Cooper said a waiver could “send a chilling signal” to advanced biofuel investors, slow commercial roll-out of E-15 and would be a disincentive to farmers to plant corn in 2013. “There are a lot of investors on the sidelines today who are waiting and watching to see what EPA is going to do with the RFS, and if it will cave in to the pressure.”

In its waiver request to EPA, the NPPC said research from professor Bruce Babcock at Iowa State University indicated that a waiver of the RFS in 2011 would have reduced the price of a bushel of corn by $1.48.

Also citing Babcock’s research, Cooper said a waiver of the mandate “would have little impact on corn price above and beyond what is already coming from these flexibilities in the standard.”
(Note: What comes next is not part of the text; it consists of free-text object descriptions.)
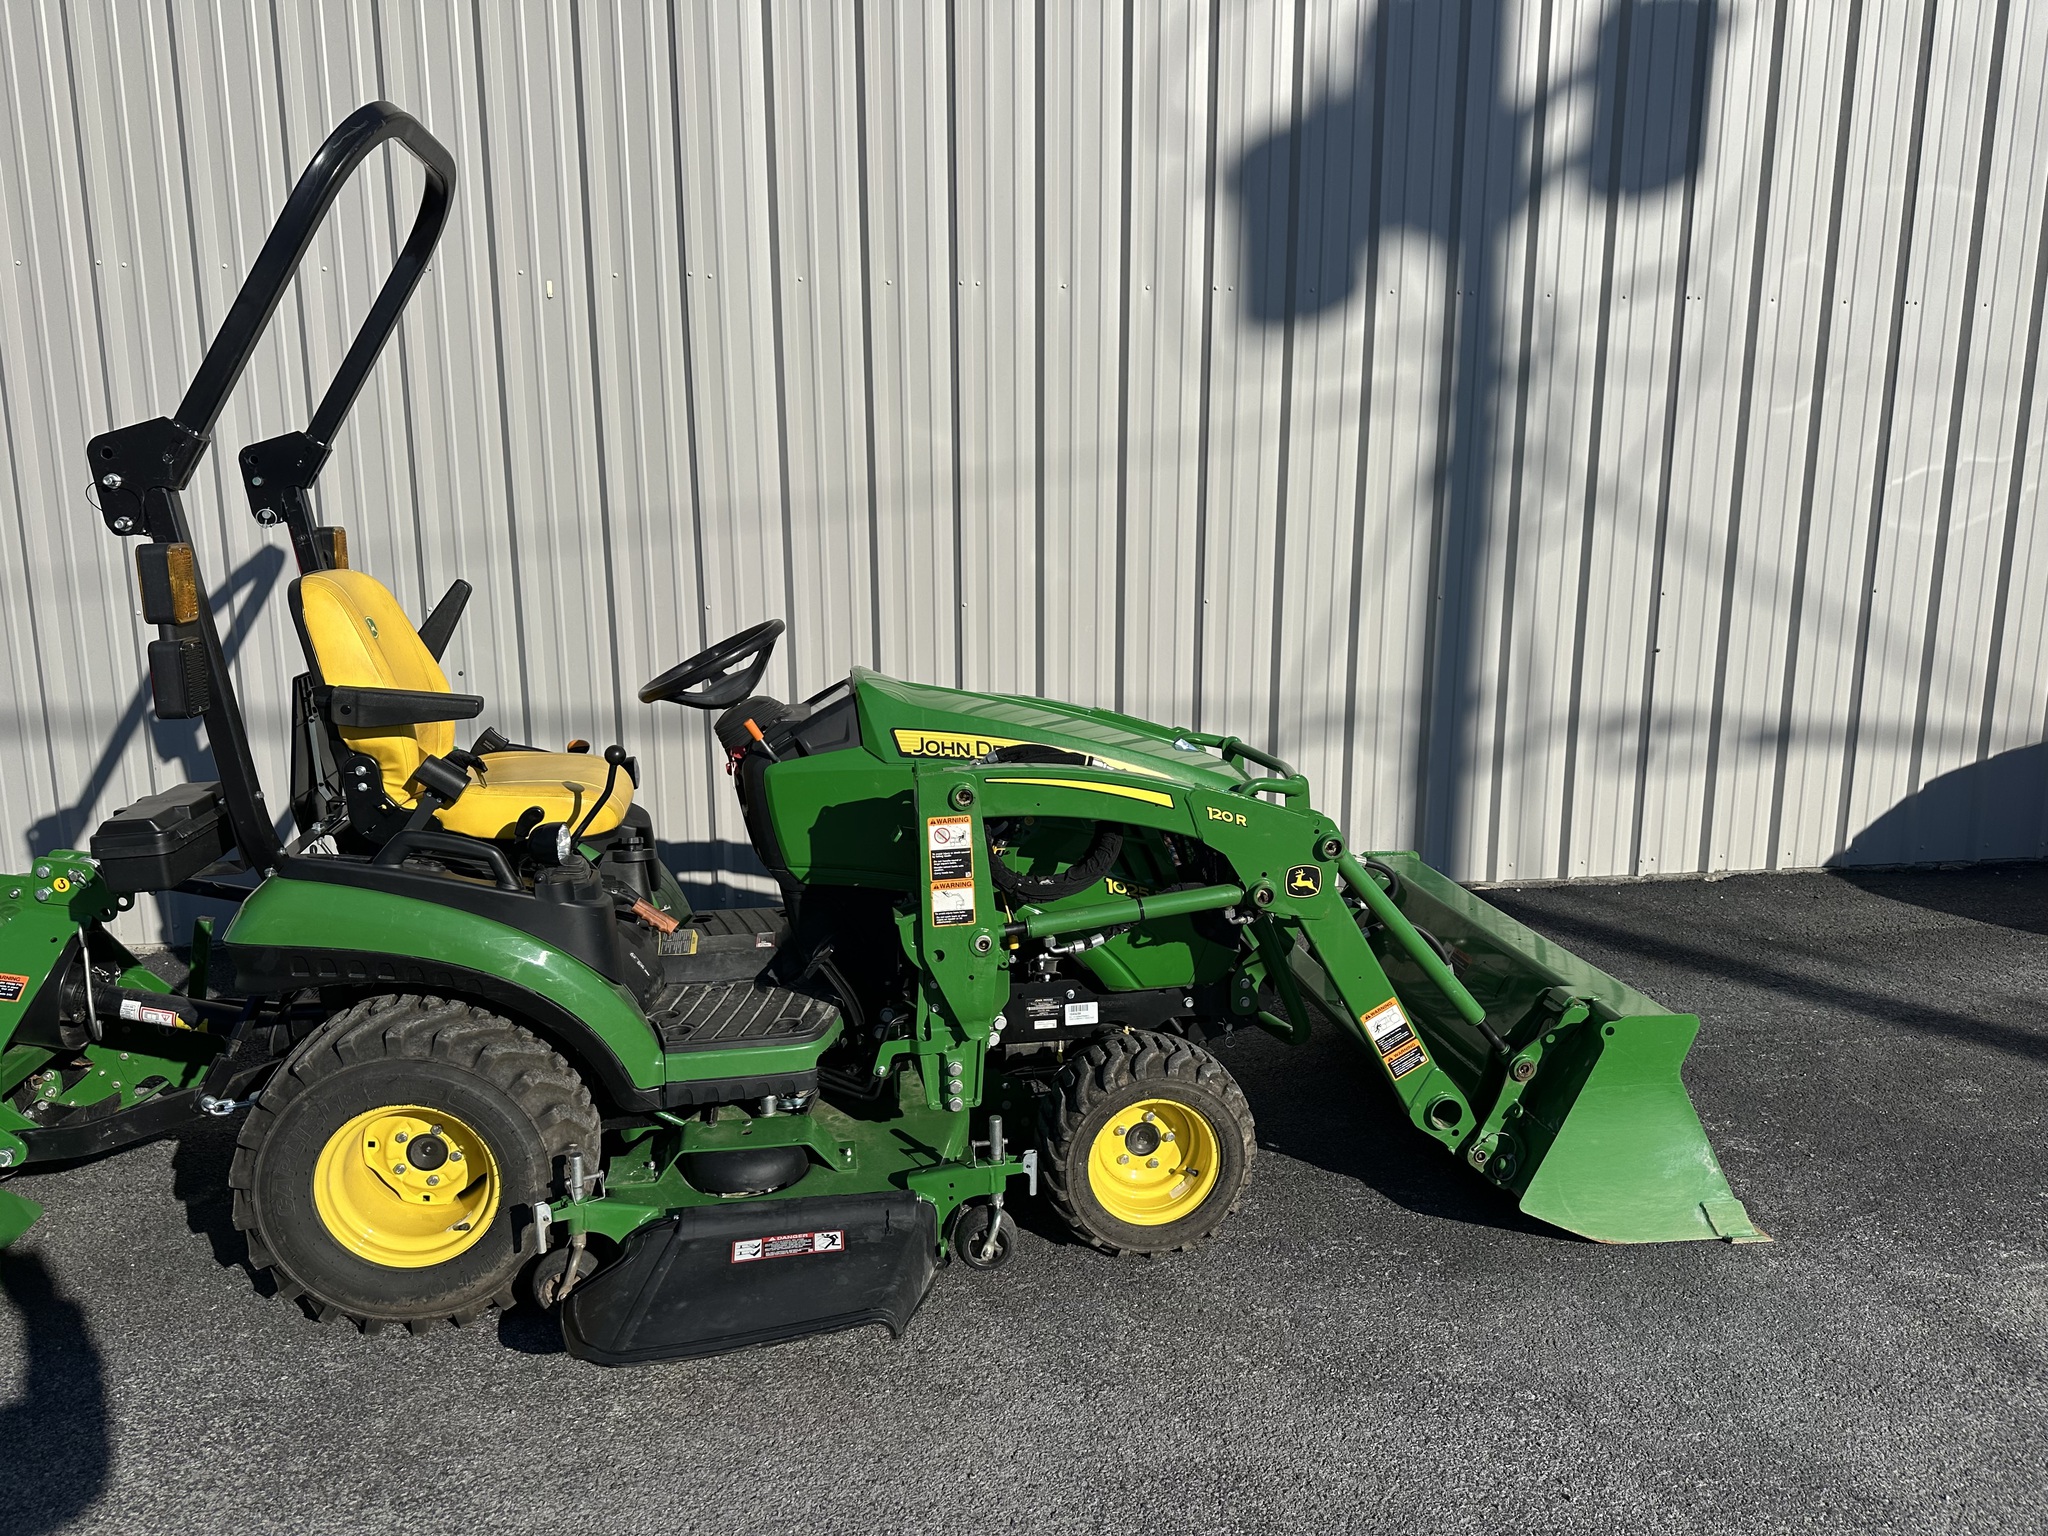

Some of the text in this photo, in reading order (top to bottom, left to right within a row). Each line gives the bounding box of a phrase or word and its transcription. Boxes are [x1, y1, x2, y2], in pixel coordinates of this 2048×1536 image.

[914, 737, 970, 756] JOHN
[936, 816, 969, 825] WARNING
[1206, 806, 1248, 827] 120 R
[939, 881, 972, 889] WARNING
[1105, 877, 1150, 897] 1025
[1370, 1001, 1393, 1016] WARNING
[1394, 1042, 1416, 1057] WARNING
[776, 1233, 809, 1241] DANGER
Cooper said Babcock’s research indicates that a complete waiver would result in a 4.5 percent decrease in corn prices, or a 28-cent per bushel reduction. “That’s not the type of relief that the livestock folks are seeking, nor the type of impact they claim will happen,” Cooper said.

Cooper acknowledges that another low corn production year could remove the current cushion of excess RINs and heavy ethanol stocks. “We can get through 2013 and meet the RFS of 13.8 billion gallons without much of a problem. We can produce as much as 11.8 billion gallons of ethanol in 2013 and still meet the requirements.

“If we do encounter a situation that would put strain on the corn and ethanol markets (in the next production year), we would need to sit down with EPA and other stakeholders and figure out the best course forward. But assuming this is a one year deal, we have the flexibility to get through.”